Big picture: Overall, the economy is recovering well. The second quarter saw a record quarterly contraction of 32%, and growth in the third quarter is tracking to be north of 20%, which would be the record quarterly expansion.
The Economy Could Grow at Record RatesGrowth is likely to tail off in the fourth quarter and into 2021. On this pace it could take until late in 2021 for the economy to return to its level at the end of 2019.
GDP to Return to Pre-Shock Levels
That growth is being led largely by the industries in the top part of the “K,” such as tech companies that are seeing a boom from the increase in online activity during the pandemic. Some retailers, especially those with a strong online presence, are doing well. The automotive and manufacturing sectors are also recovering sharply.

The flip side of the K are the food and beverage industries, some brick-and-mortar retailers, travel and tourism, and other types of business that cannot reopen at all because they require people to be in close contact, or they are operating at reduced capacity because of social distancing guidelines. These sectors have businesses of varying sizes.

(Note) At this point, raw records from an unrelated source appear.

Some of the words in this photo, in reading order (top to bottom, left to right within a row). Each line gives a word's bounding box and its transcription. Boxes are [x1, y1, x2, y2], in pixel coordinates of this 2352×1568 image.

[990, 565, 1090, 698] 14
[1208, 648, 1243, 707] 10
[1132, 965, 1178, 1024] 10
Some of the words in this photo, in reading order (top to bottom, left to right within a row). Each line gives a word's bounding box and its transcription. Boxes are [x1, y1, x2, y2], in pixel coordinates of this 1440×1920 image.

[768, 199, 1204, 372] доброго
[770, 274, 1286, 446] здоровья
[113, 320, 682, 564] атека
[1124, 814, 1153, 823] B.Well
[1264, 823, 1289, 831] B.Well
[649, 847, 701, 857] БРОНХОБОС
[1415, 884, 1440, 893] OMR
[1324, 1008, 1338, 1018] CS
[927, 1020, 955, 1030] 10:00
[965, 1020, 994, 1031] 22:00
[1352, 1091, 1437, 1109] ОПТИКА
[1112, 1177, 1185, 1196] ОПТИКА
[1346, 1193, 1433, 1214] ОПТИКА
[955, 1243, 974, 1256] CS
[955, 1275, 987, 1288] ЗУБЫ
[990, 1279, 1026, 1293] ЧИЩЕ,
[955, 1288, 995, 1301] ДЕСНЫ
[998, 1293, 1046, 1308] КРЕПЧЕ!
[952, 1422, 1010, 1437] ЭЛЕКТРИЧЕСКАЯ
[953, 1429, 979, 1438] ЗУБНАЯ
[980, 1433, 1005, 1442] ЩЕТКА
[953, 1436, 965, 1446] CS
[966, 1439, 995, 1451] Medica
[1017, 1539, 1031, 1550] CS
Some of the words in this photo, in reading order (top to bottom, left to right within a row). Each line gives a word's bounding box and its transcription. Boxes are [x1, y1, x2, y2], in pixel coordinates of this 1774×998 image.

Our take: It is important not to lose sight of these businesses as the recovery continues. Until the pandemic is fully over and we can return to our lives as they were before the virus struck, they are likely to continue to struggle. The businesses on the sliding part of the “K” may need government assistance longer than other industries, and in the immediate future need a phase four relief bill from Congress as soon as possible.